[Stored data entries]
:::::

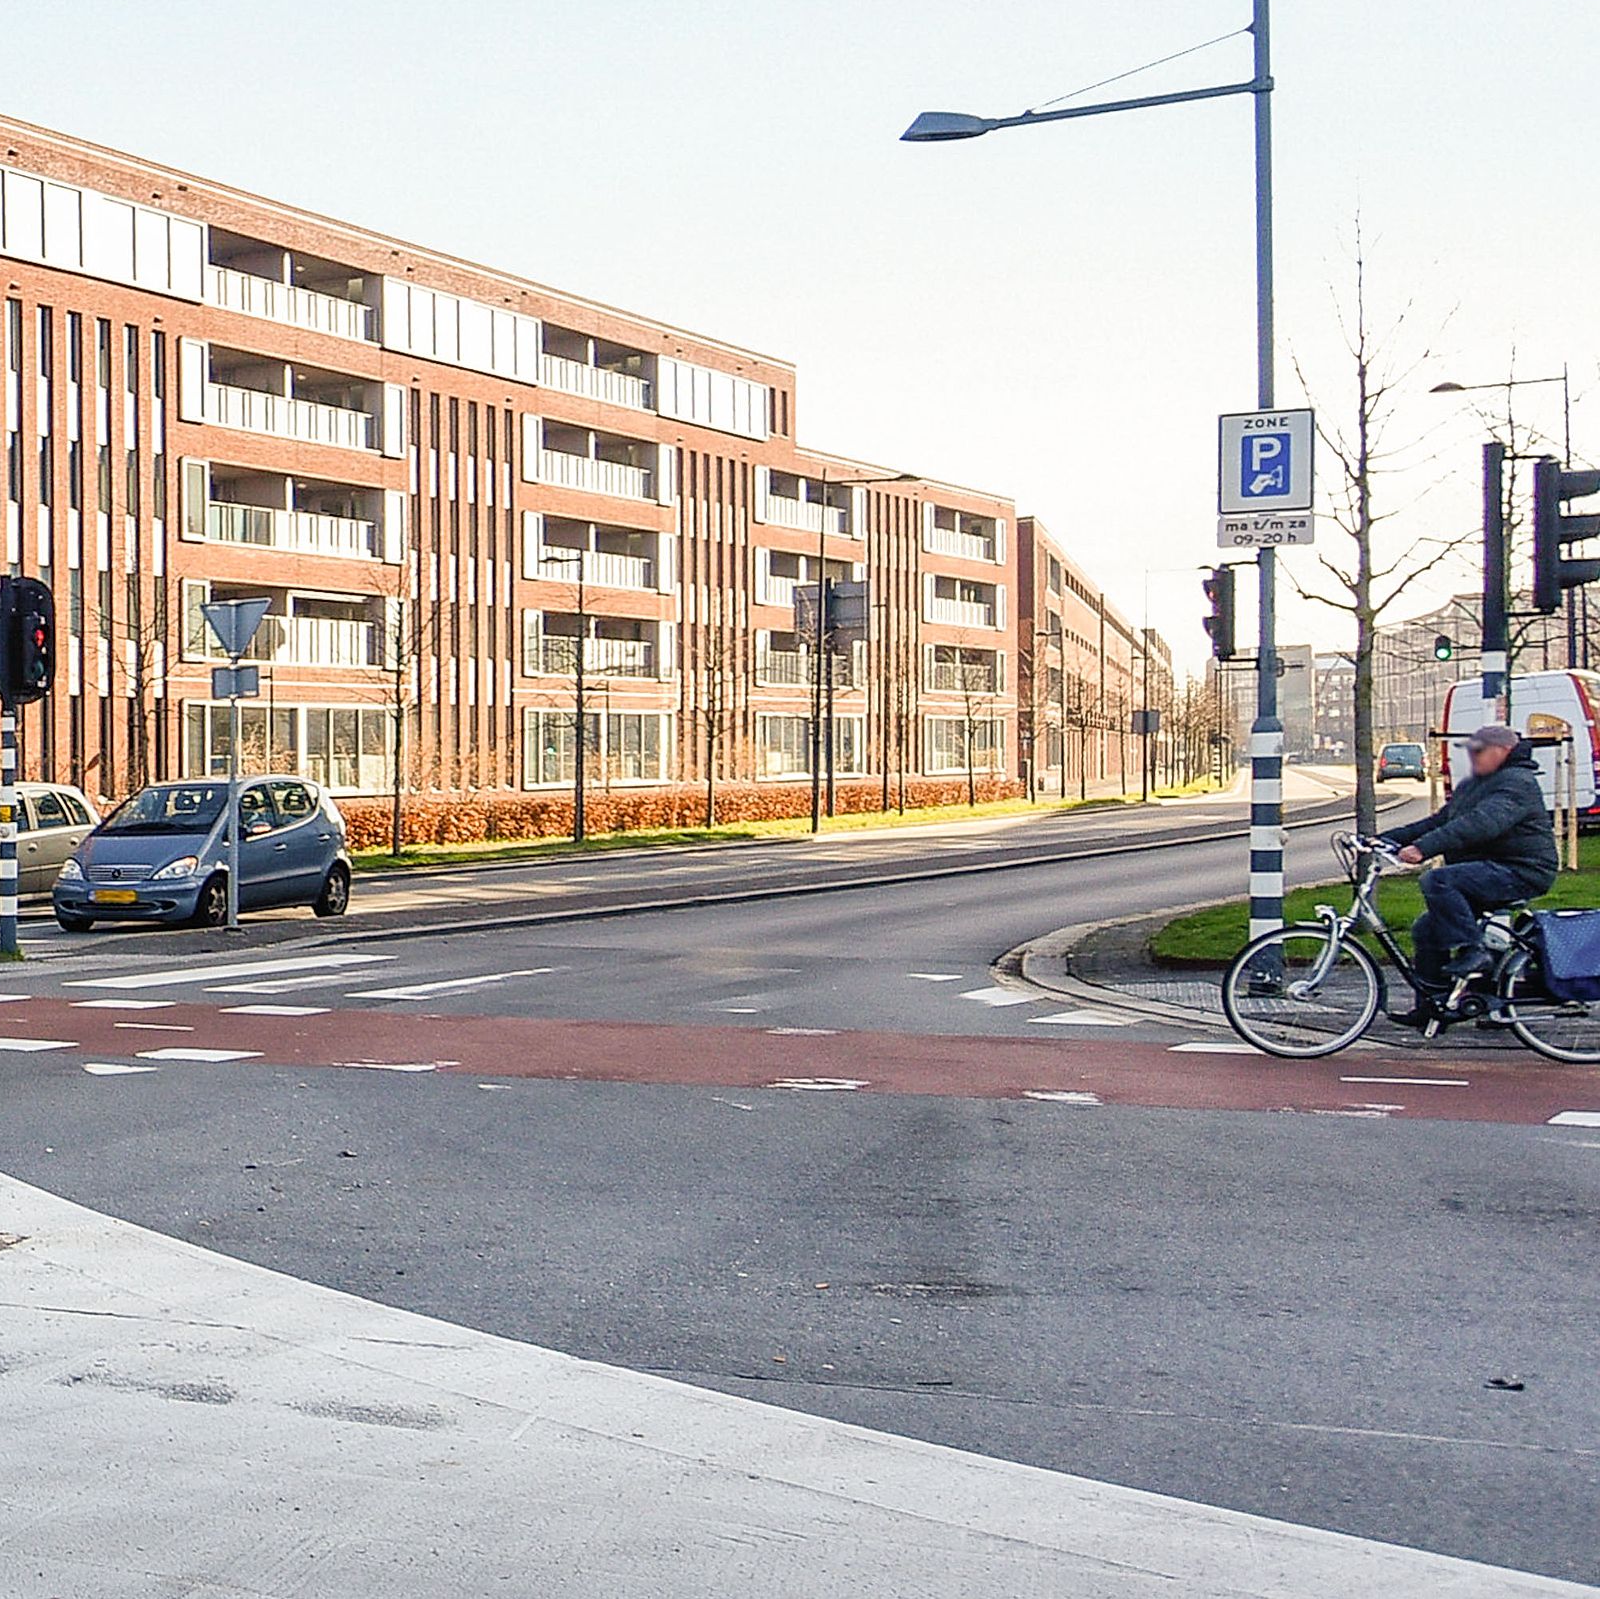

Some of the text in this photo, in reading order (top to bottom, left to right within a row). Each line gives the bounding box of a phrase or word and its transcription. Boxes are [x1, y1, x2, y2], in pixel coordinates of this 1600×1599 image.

[1243, 416, 1289, 429] ZONE
[1225, 519, 1307, 532] ma t/m za
[1233, 532, 1297, 545] 09-20 h
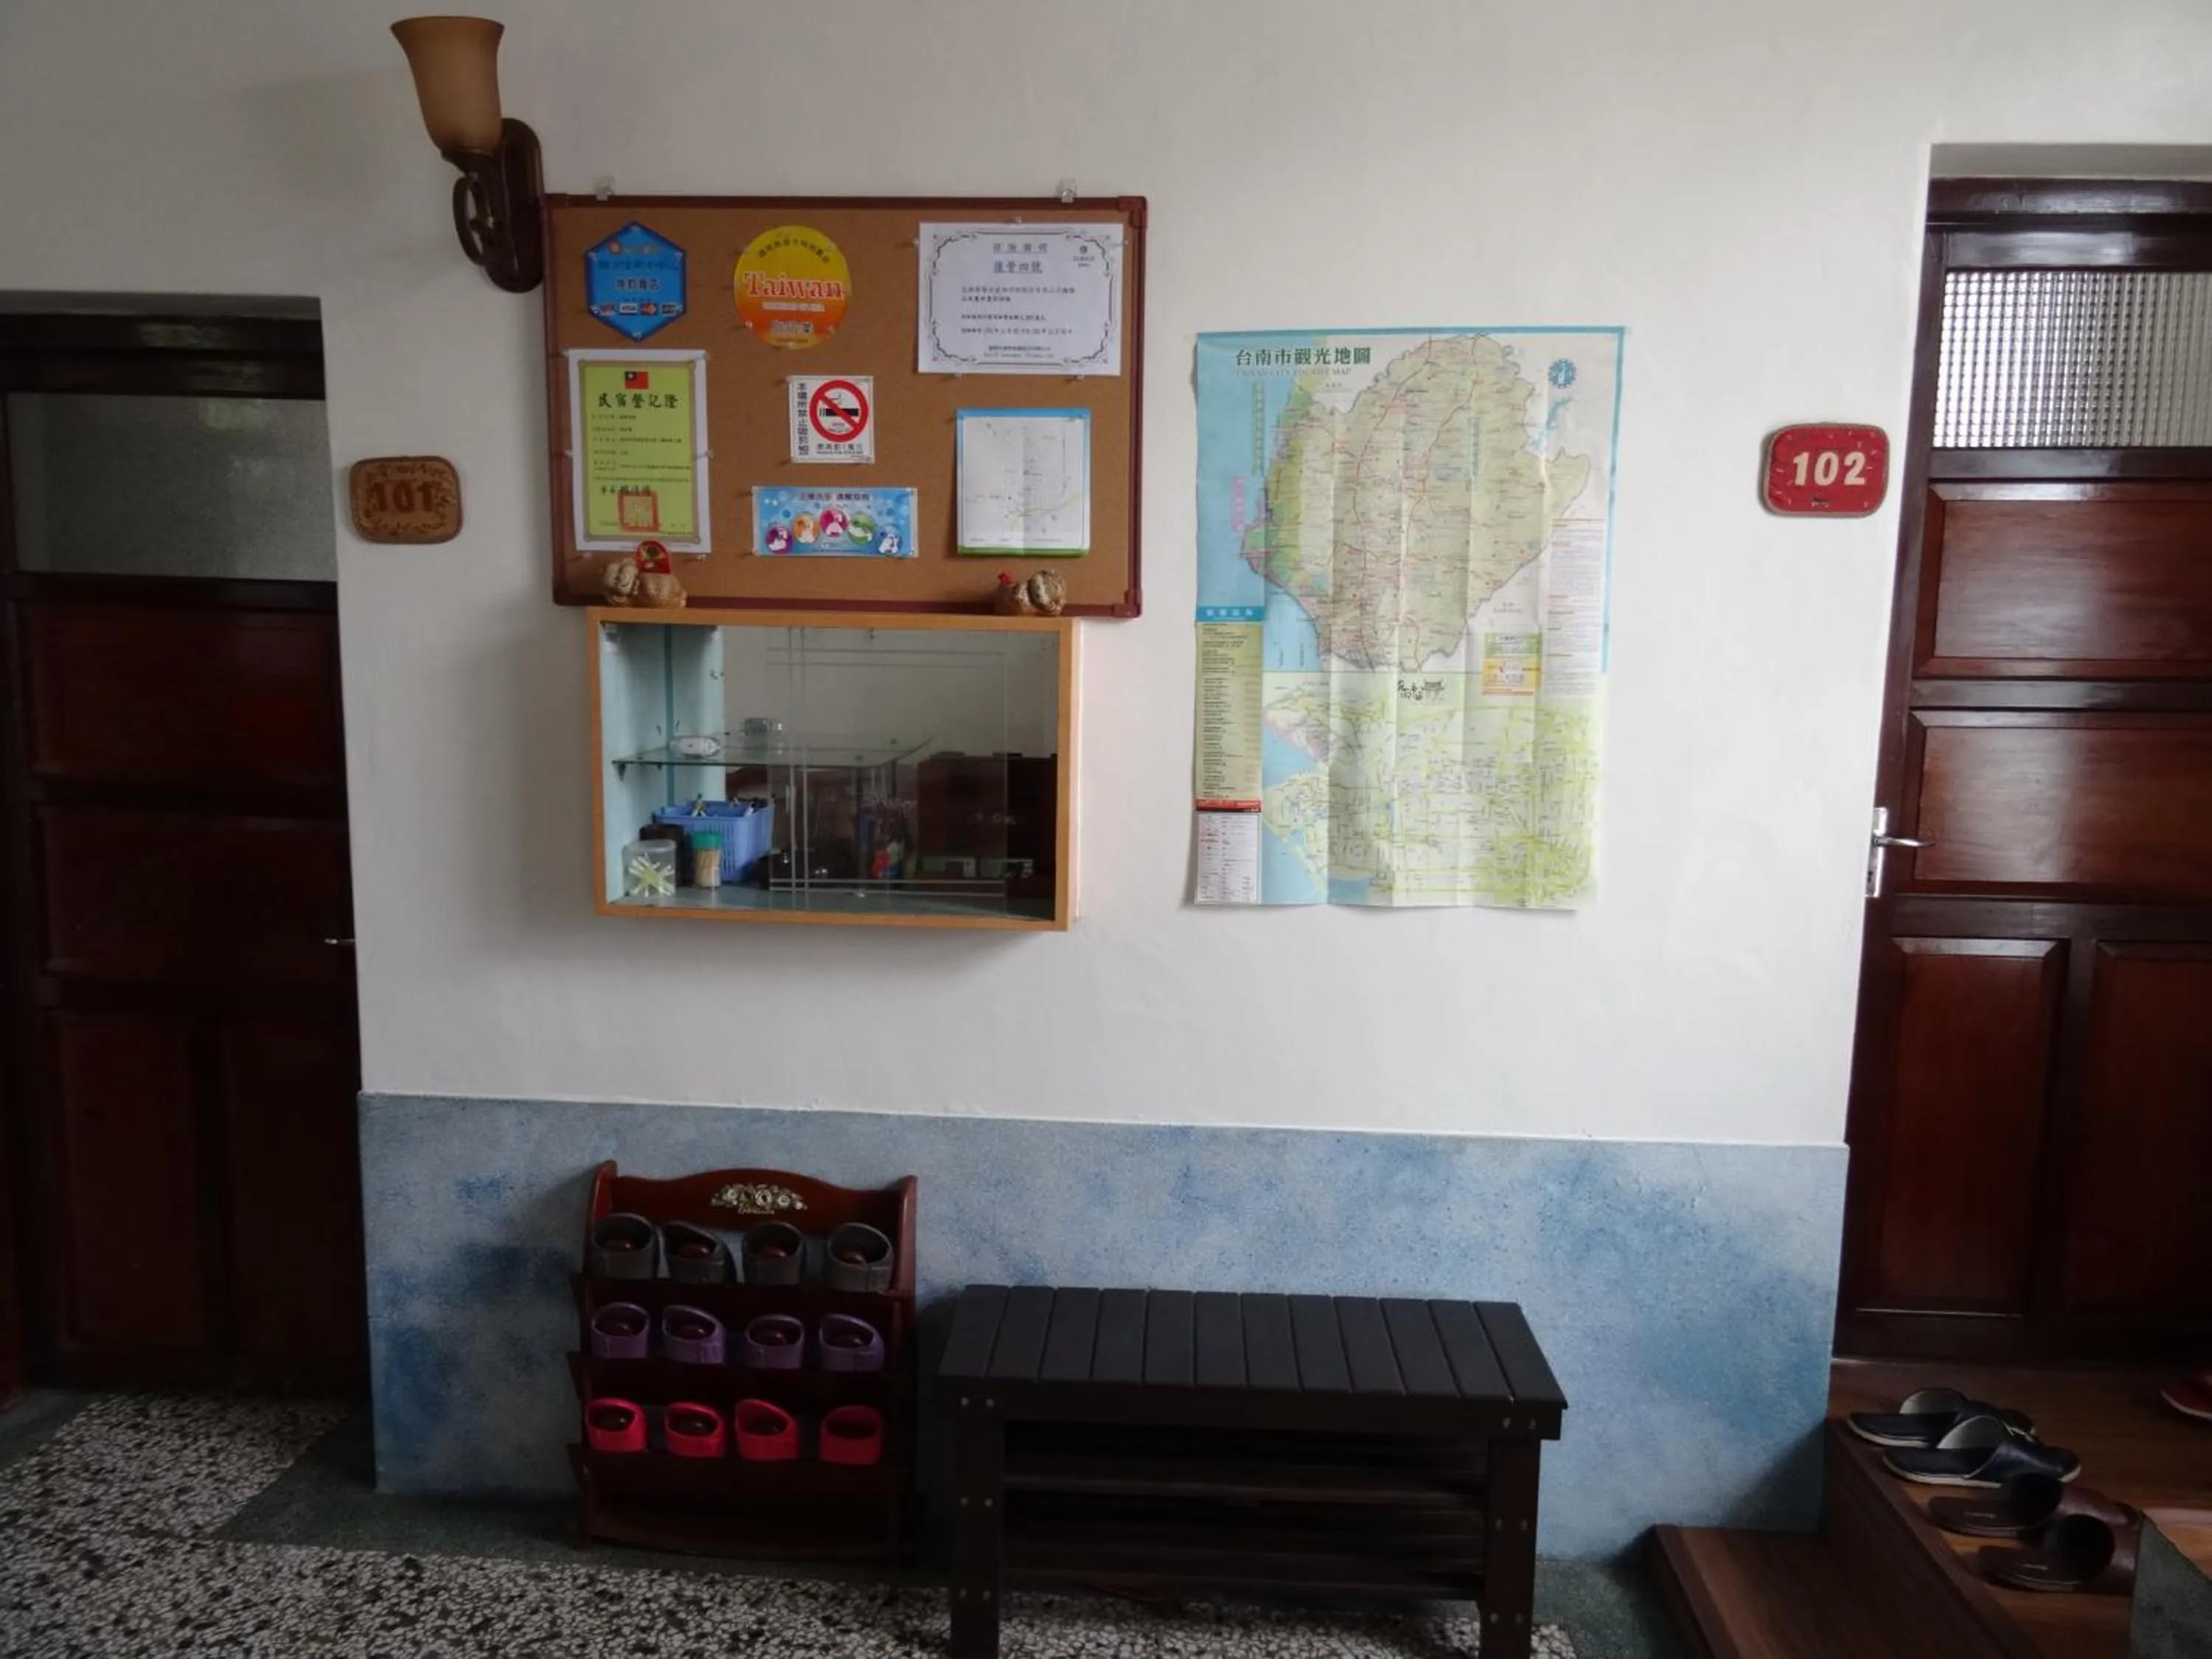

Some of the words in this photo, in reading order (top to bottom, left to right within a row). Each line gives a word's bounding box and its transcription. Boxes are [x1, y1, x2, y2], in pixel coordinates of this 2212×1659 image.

[744, 271, 844, 299] Taiwan
[1236, 347, 1371, 366] 台南市觀光地圖
[599, 392, 678, 408] 民宿登記證
[1793, 451, 1865, 486] 102
[372, 481, 434, 512] 101
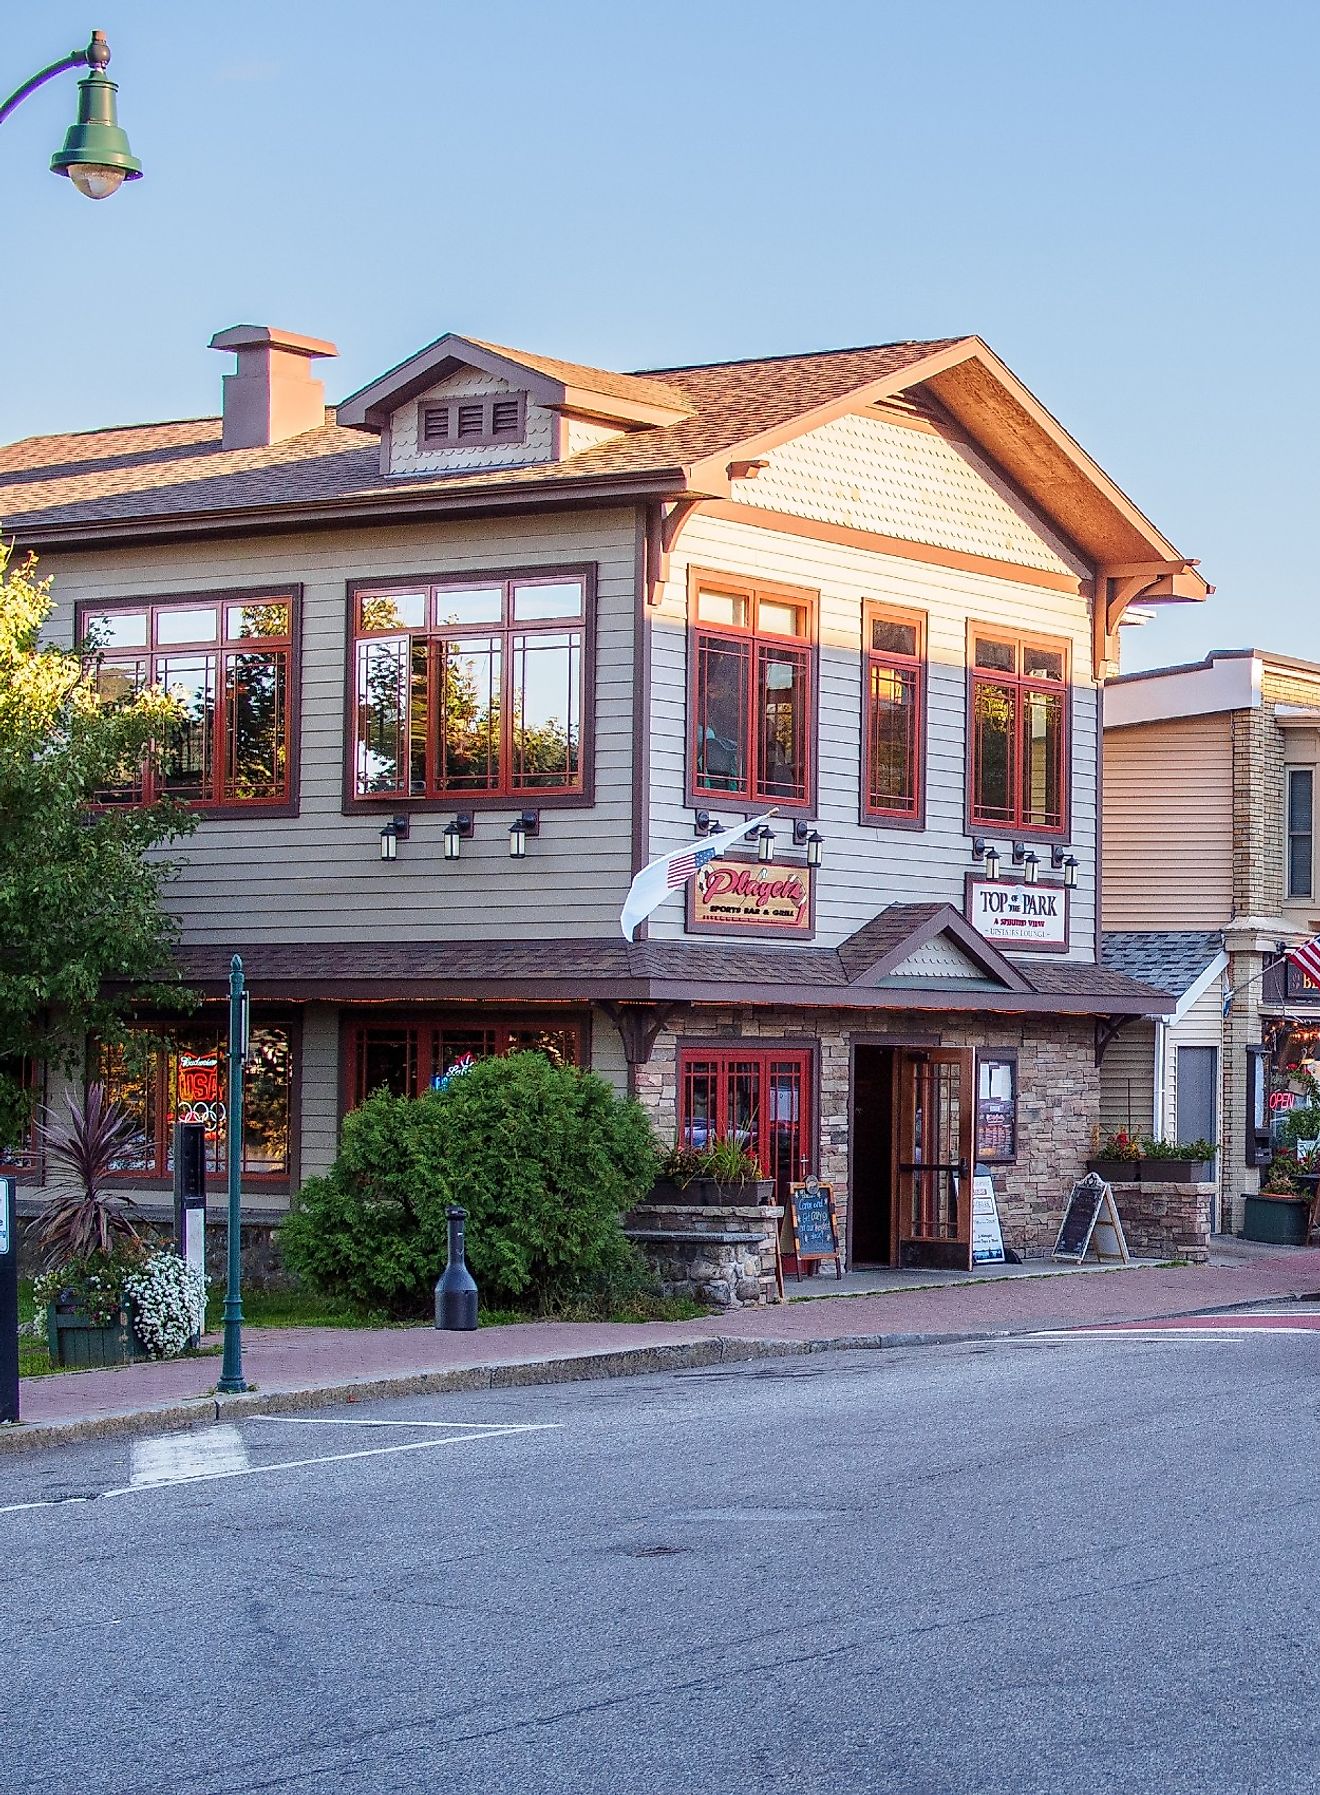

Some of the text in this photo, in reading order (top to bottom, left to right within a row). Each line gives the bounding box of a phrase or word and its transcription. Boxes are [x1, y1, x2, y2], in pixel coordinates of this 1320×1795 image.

:::::

**WHAT YOU WILL DO:** Each record should be written out again exactly, though without its pictures.

**SOLUTION TO THIS TASK:**
Some of the text in this photo, in reading order (top to bottom, left to right within a row). Each line gives the bounding box of a phrase or word and its transcription. Boxes are [x1, y1, x2, y2], in pixel coordinates of this 1600×1599 image.

[1243, 416, 1289, 429] ZONE
[1225, 519, 1307, 532] ma t/m za
[1233, 532, 1297, 545] 09-20 h

Some of the words in this photo, in reading order (top to bottom, left to right within a row). Each line gives a word's bounding box and its transcription. Boxes are [x1, y1, x2, y2], in pixel coordinates of this 2212×1659 image.

[744, 271, 844, 299] Taiwan
[1236, 347, 1371, 366] 台南市觀光地圖
[599, 392, 678, 408] 民宿登記證
[1793, 451, 1865, 486] 102
[372, 481, 434, 512] 101

Some of the text in this photo, in reading order (top to bottom, left to right within a row). Each line gives the bounding box of a phrase or word and its transcription. Boxes are [x1, y1, x2, y2], in pixel coordinates of this 1320×1795 image.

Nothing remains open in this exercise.